Afin de réduire les formalités administratives et de lutter contre la fraude, la commission des transports du PE soutient la mise en place de certificats numériques d’immatriculation.
Le rapporteur, Johan Danielsson (S&D, SE), a déclaré: "Ces nouvelles règles illustrent parfaitement comment nous pouvons tirer parti des avantages du partage des données et de la numérisation, pour obtenir des résultats à la fois simples et efficaces. Tout en soutenant pleinement la transition numérique des documents d'immatriculation des véhicules, je tiens également à garantir que des mesures de protection soutiennent les citoyens ayant un accès limité aux technologies numériques ou des compétences numériques restreintes. Une version papier du document d'immatriculation devrait donc toujours être disponible sur demande. Il est essentiel que les citoyens qui rencontrent des difficultés à utiliser des outils numériques ne soient pas désavantagés lorsqu'ils s'acquittent de leurs obligations administratives."

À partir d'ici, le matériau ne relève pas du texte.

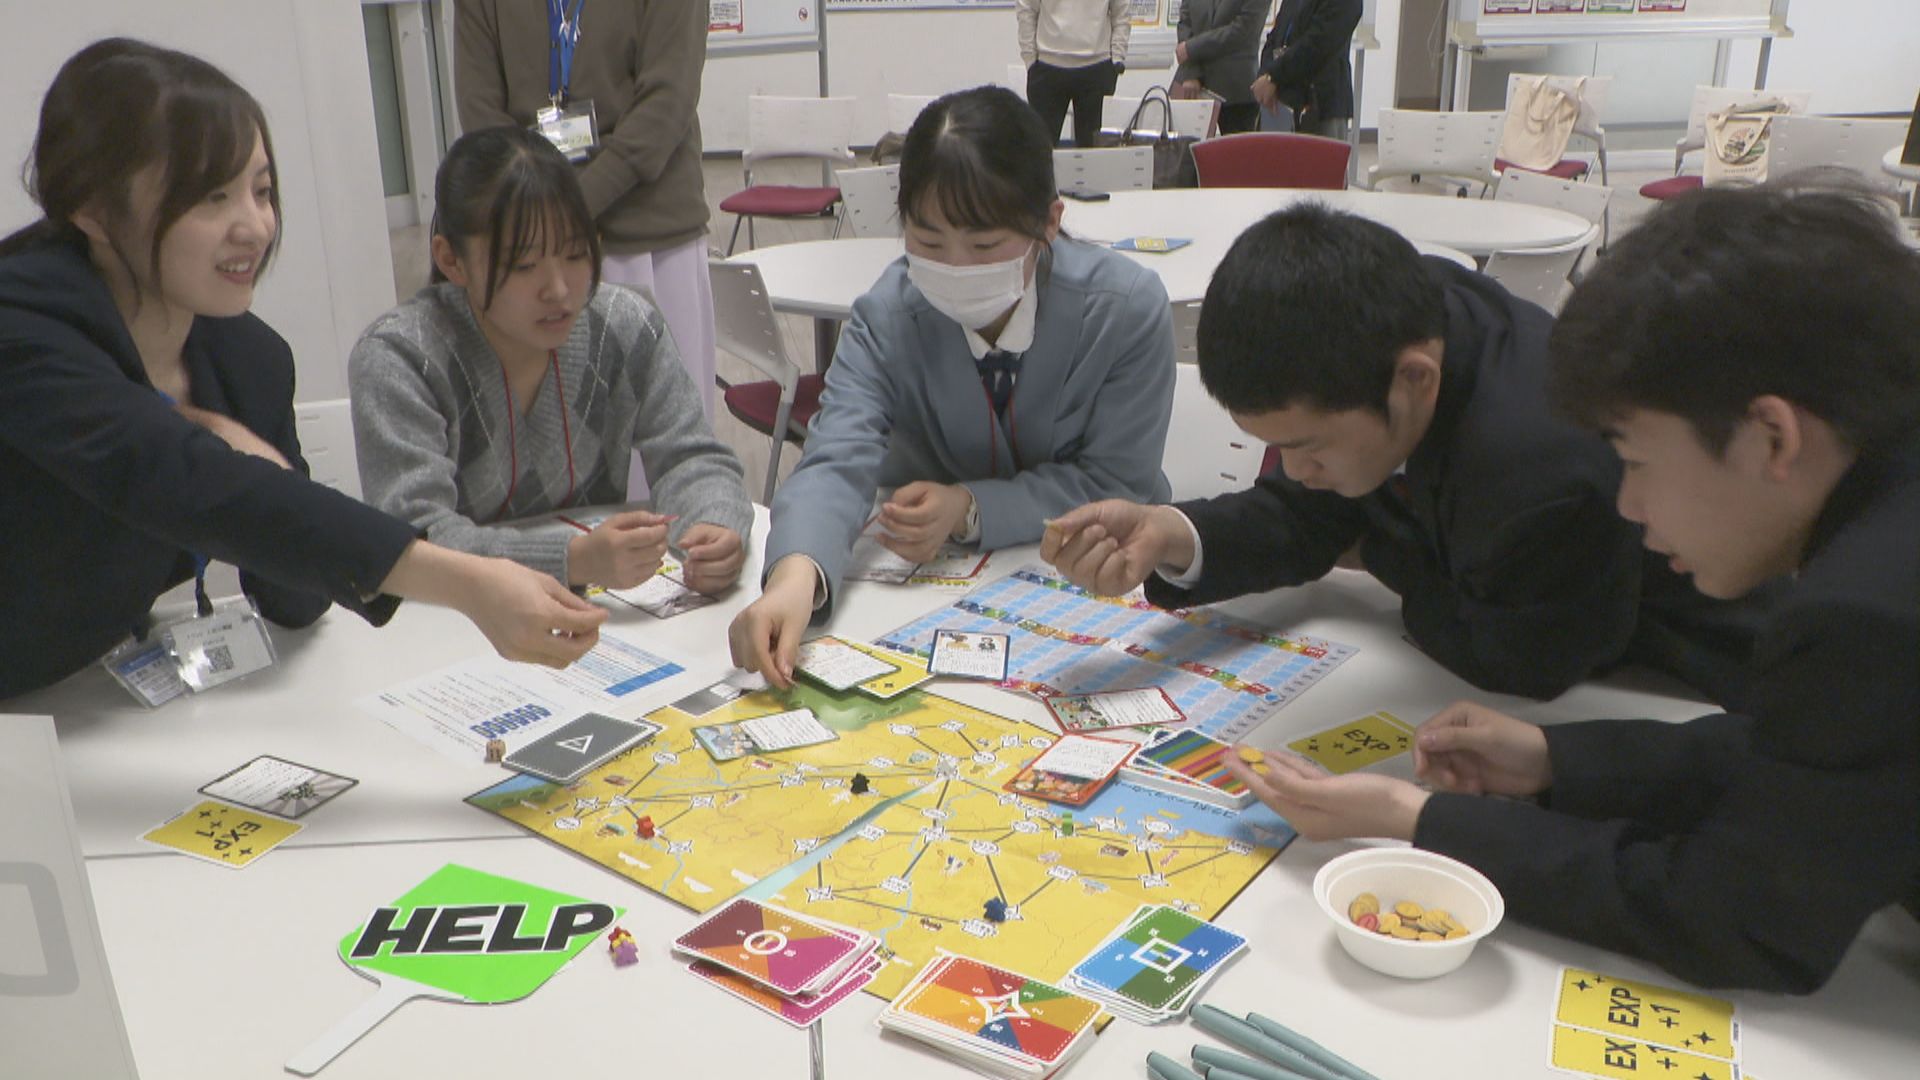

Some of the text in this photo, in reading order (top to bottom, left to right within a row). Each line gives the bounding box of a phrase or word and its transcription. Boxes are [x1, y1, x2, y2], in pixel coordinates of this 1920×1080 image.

[1344, 729, 1390, 751] EXP
[213, 821, 263, 851] EXP
[350, 903, 615, 958] HELP
[1608, 987, 1641, 1028] EXP
[1650, 1003, 1681, 1029] +1
[1605, 1038, 1637, 1070] EX
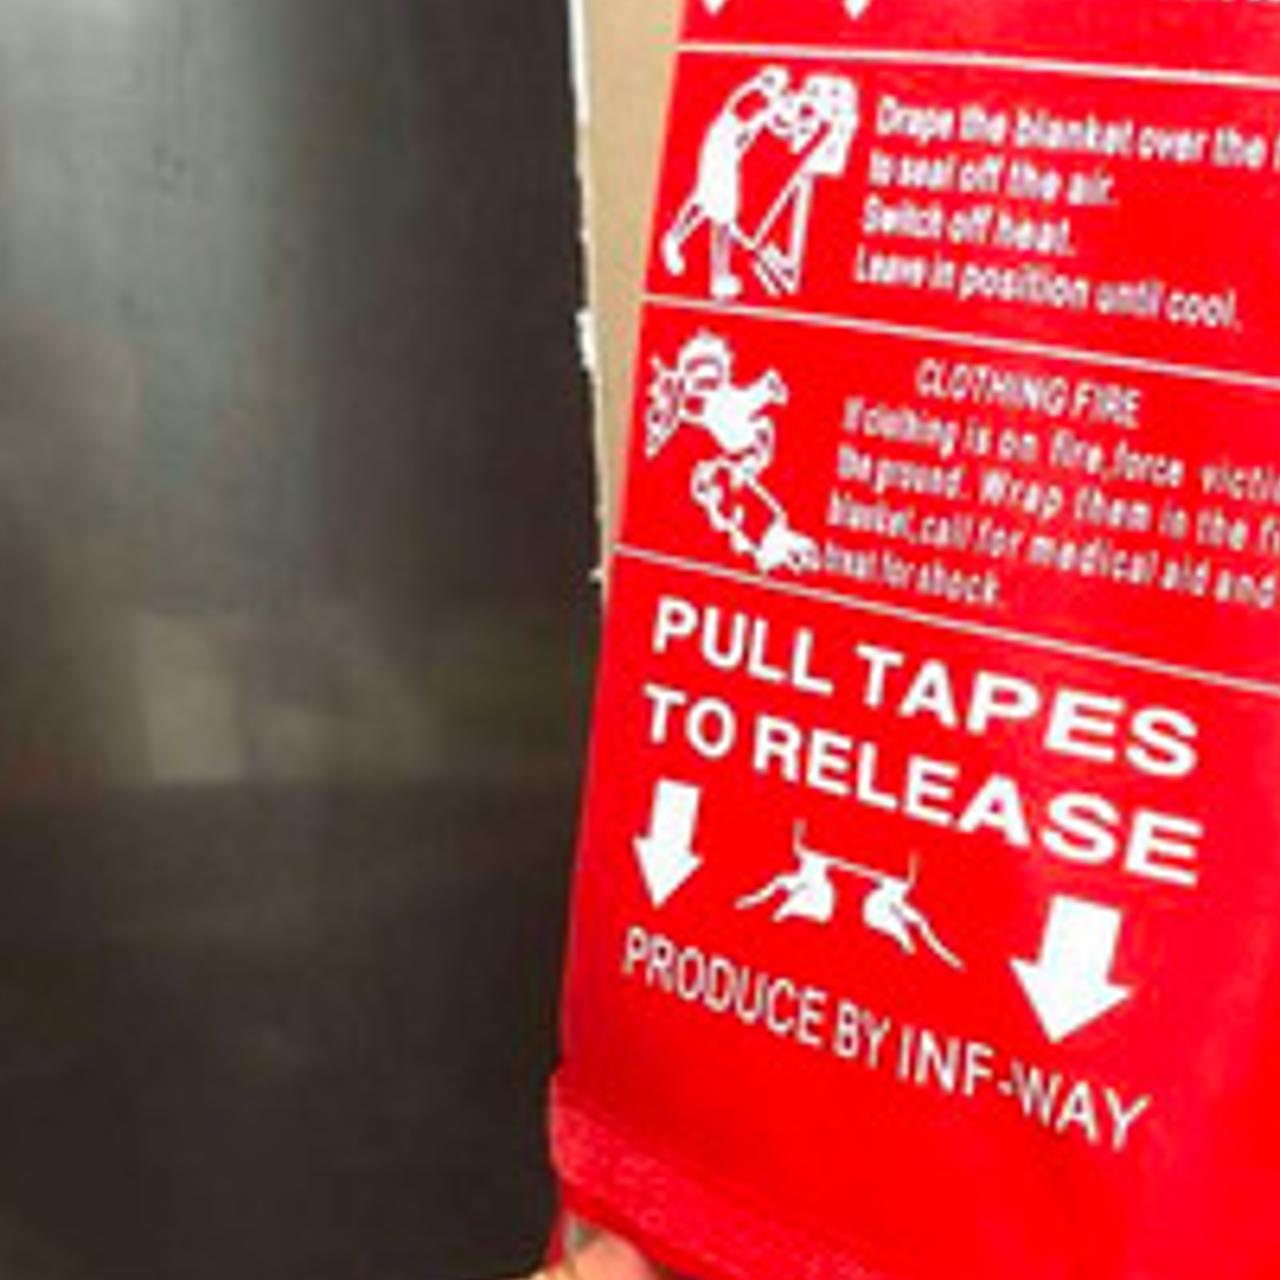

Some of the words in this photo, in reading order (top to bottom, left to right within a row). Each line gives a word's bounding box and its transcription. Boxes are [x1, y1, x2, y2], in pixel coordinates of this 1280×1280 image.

[958, 101, 1007, 147] the
[1013, 102, 1134, 158] blanket
[1137, 123, 1210, 162] over
[1212, 125, 1267, 170] the
[862, 192, 943, 240] Switch
[946, 202, 995, 244] off
[898, 153, 956, 192] seal
[957, 153, 1005, 193] off
[1006, 158, 1062, 205] the
[854, 242, 927, 289] Leave
[928, 250, 956, 292] in
[957, 262, 1089, 311] position
[1094, 278, 1164, 320] until
[916, 358, 1066, 418] CLOTHING
[1070, 378, 1142, 430] FIRE
[965, 414, 993, 457] is
[997, 426, 1039, 464] on
[979, 469, 1065, 521] Wrap
[1073, 485, 1153, 533] them
[1158, 496, 1189, 542] in
[1195, 505, 1250, 553] the
[972, 516, 1024, 561] for
[1028, 534, 1161, 587] medical
[1160, 552, 1212, 598] aid
[1213, 570, 1279, 611] and
[652, 595, 834, 697] PULL
[855, 642, 1200, 778] TAPES
[643, 683, 737, 760] TO
[752, 714, 1206, 889] RELEASE
[622, 925, 829, 1048] PRODUCE
[833, 998, 892, 1069] BY
[894, 1027, 1152, 1154] INF-WAY

Les députés de la commission des transports ont voté en faveur d'un certificat d'immatriculation numérique des véhicules, qui deviendrait le format principal de ce document dans les trois ans suivant l'entrée en vigueur des nouvelles règles. Cependant, les députés veulent maintenir l'option d'une version physique du document, pour répondre aux besoins des citoyens ayant un accès ou des compétences numériques limités, et plaident en faveur de l’établissement d’un code QR pour faciliter l'accès immédiat aux informations sur les véhicules.
Le projet de règlement prévoit l'enregistrement électronique des données relatives au véhicule, notamment la marque, le poids et le propriétaire, les résultats des contrôles techniques périodiques, ainsi que les motifs d'annulation de l'immatriculation, afin de faciliter le travail des inspecteurs techniques et des organismes chargés de la réimmatriculation des véhicules.
Pour lutter contre la fraude, les pratiques douteuses dans le commerce des voitures d'occasion et le commerce illégal de véhicules volés, le projet de texte charge également les pays de l'UE d'ouvrir ces registres les uns aux autres. Outre l'échange d'informations sur l'immatriculation des véhicules, le kilométrage, les résultats des contrôles réguliers et routiers, les députés ont ajouté l'obligation de partager, lorsqu'elles sont disponibles, les données de télédétection et les données relatives aux poids lourds ayant fait l'objet d'une manipulation frauduleuse.
Par 38 voix pour et une voix contre, les députés de la commission des transports ont également décidé d'entamer des discussions avec les pays de l'UE sur la forme finale de la législation. Cette décision a encore besoin d'un feu vert de la plénière. La prochaine session plénière du Parlement doit avoir lieu à la fin du mois d'avril.